Saturday, August 30, 2008

Alright, but how does it affect me?

[evil self-interested guy]

As a subject of Constitutional Monarch Elizabeth Windsor, I don't really have any right to comment on who the citizens of the USA decide to choose to be their Supreme Overlord.

However I am entitled to ask "how does it affect me?"

As for individual Americans Barack Obama is the correct choice, in terms of healthcare, education, and general niceness, but obviously that is entirely irrelevant to me. Let the rednecks enjoy their quadrennial bend-over fest once again and let them keep their damned assault rifles. Psshft.

[/evil self-interested guy]

My compassion for all people is severely tested by George W Bush, and the idea that John McCain might be a good choice of President for the USA. Whatever.

[evil self-interested guy]

The only real way that US foreign policy has directly impinged on my own life is through the Iraq War, and namely the fact that I (or rather a bunch of my associates) will have to pay for a part of it as British tax payers. Also some soldiers probably got killed and the whole business has has the whole world crackin' wise about our mommas.

I suspect, however, that the experience of Iraq, Afghanistan and the whole land-war-in-Asia bit will deter most British politicos from similar adventures over the next few years, and as such even if John "Armageddon" McCain became Prez it would be unlikely I'd find myself paying for another war.

There's also this tiresome business with Russia, Georgia and some godforsaken miserable hole called South Ossetia. I don't much care for the whole damned situation. Our Foreign Secretary has been mouthing off about it in this unintentionally hilarious article in The Guardian:

Ukraine is a leading example of the benefits that accrue when a country takes charge of its own destiny, and seeks alliances with other countries.

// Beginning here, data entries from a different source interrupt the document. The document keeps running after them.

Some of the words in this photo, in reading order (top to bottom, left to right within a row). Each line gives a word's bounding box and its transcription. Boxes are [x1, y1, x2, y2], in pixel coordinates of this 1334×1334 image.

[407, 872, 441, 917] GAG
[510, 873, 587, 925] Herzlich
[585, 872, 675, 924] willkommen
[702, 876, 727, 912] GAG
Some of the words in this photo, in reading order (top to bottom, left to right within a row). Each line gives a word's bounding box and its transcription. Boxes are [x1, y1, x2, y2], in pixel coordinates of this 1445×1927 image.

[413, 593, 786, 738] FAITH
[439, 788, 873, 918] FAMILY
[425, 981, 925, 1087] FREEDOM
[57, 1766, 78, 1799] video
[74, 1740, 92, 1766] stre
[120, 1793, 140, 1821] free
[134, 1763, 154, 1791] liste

So, if South Ossetia decides it wants to take charge of its own destiny and seeks an alliance with Russia that's OK? What is Miliband trying to say here?

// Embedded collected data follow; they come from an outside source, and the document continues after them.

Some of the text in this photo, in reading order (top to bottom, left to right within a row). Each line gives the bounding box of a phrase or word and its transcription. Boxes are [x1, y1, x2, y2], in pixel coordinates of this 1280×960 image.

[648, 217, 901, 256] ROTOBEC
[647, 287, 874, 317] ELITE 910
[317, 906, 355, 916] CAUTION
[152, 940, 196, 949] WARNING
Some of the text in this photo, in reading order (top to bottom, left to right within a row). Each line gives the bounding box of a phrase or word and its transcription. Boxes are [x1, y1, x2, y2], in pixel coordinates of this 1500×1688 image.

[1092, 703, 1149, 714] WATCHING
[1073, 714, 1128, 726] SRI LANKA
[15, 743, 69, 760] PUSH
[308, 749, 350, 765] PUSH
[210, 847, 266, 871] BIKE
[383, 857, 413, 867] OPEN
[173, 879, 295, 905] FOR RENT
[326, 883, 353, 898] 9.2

Russia is fucked in the long run. Losing 700, 000 people a year to demographic change is the kind of thing you can't ignore, let alone cause you to collapse into nationalistic paranoia, from a BBC Article:

The seriousness of this [demographic] problem has led to an urgent, polarised and often angry debate in Russia about ways to tackle the problem.

Many medical specialists berate the government's apparent inaction over the country's health crisis. It is estimated that a third of Russian men abuse alcohol, while smoking rates are among the highest in the world. New threats, such as the rapid spread of HIV/Aids, merely compound an already bad situation, they say.

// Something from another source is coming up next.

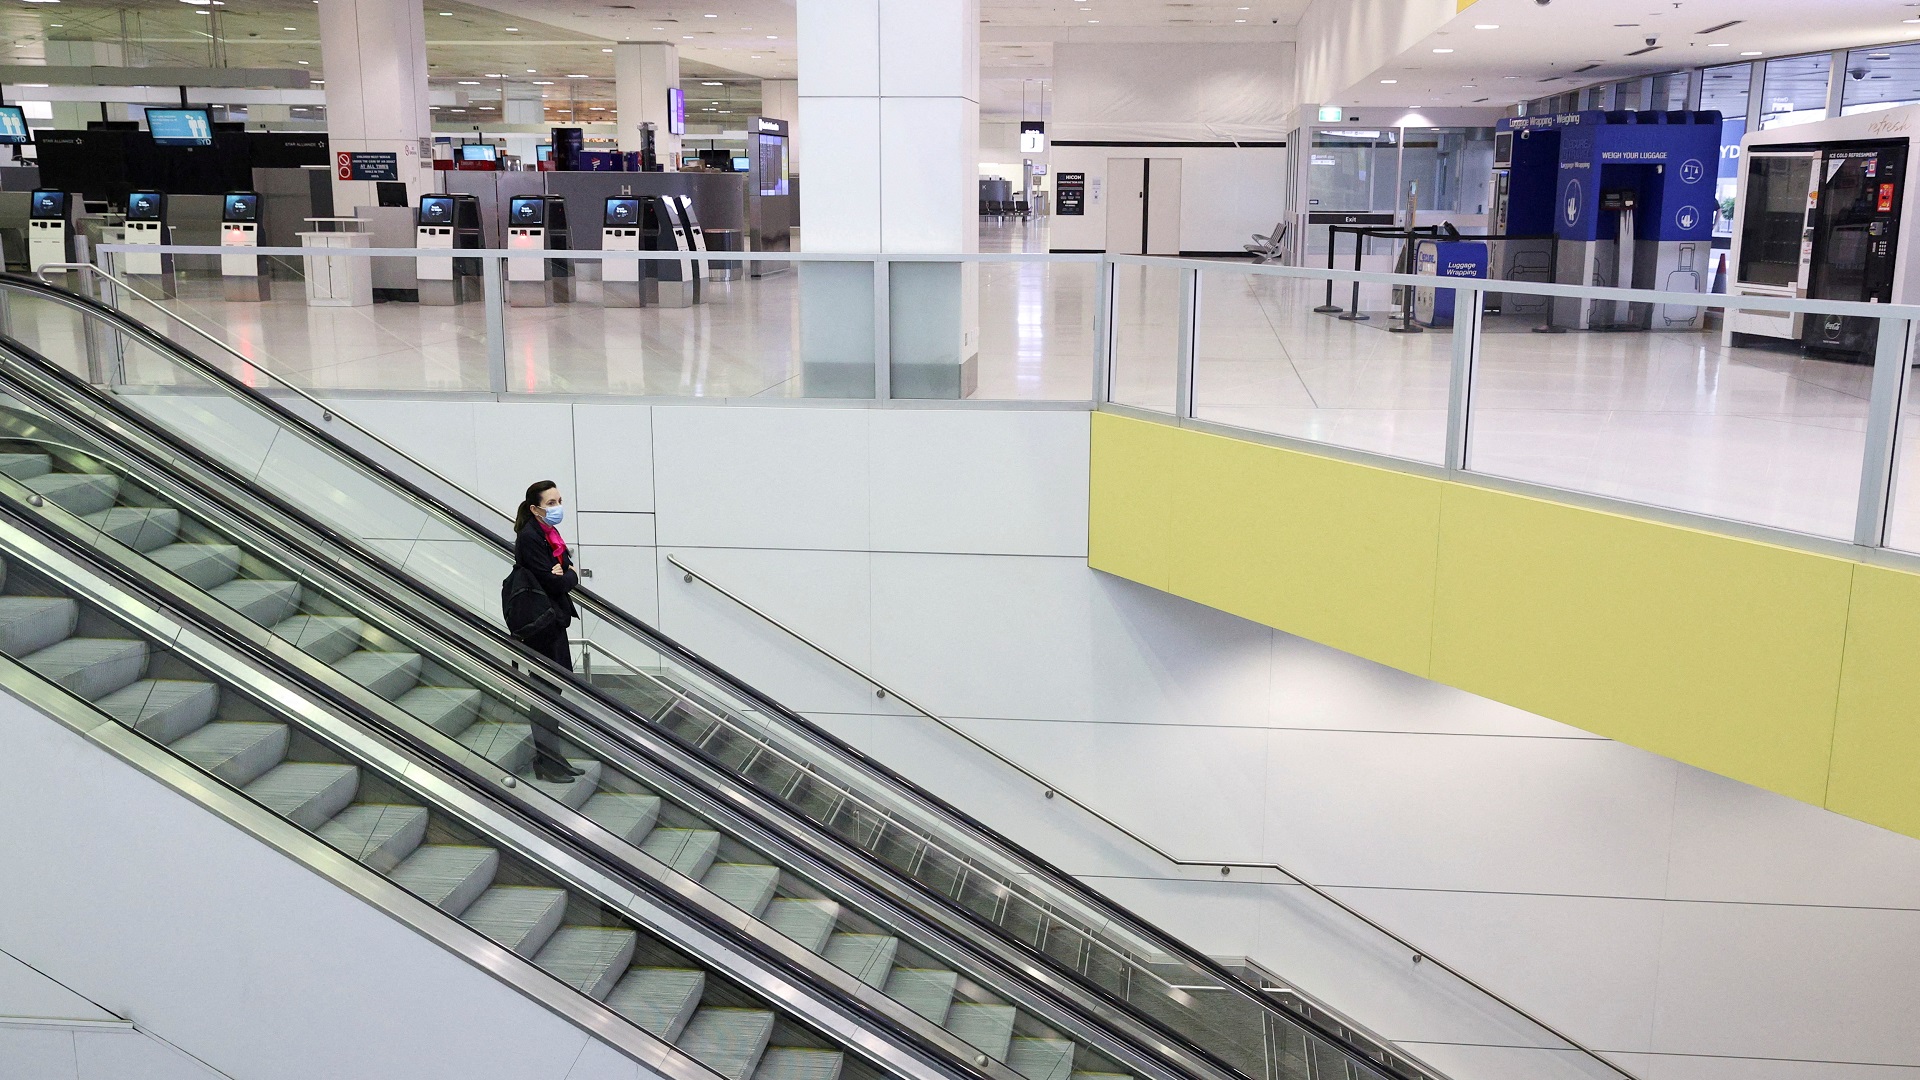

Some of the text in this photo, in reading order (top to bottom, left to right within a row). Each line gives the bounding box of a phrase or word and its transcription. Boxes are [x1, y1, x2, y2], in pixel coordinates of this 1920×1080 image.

Politicians on the nationalist wing of the political spectrum see the hand of the West, and of Russia's "enemies" more widely, in the population decline.

Being briefly buoyed by oil 'n' gas revenues does not excuse completely ignoring the long-term prospects of your people. From Charles Grant in The Guardian:
Russia's Achilles heel is its economy. This has been growing fast, at over 7% a year. Wealth has spread out from the energy companies and the government, helping to create a prosperous middle class. But the economy remains dangerously dependent on energy and raw materials. Russia has very few high-tech industries, its record on innovation is appalling, it has too few small and medium-sized companies and its service industries are backward.
South Ossetia has a population of 70, 000 people! That's one-tenth of the number of people Russia needs to conquer every year to make up its population numbers!

If and when the governments of Eastern Europe and Britain get our act together and roll out our massive nuclear-reactor/clean-coal-plant building programme the whole question of energy security, global warming, and peak oil will sort itself out.

Let the Americans choose whoever they want.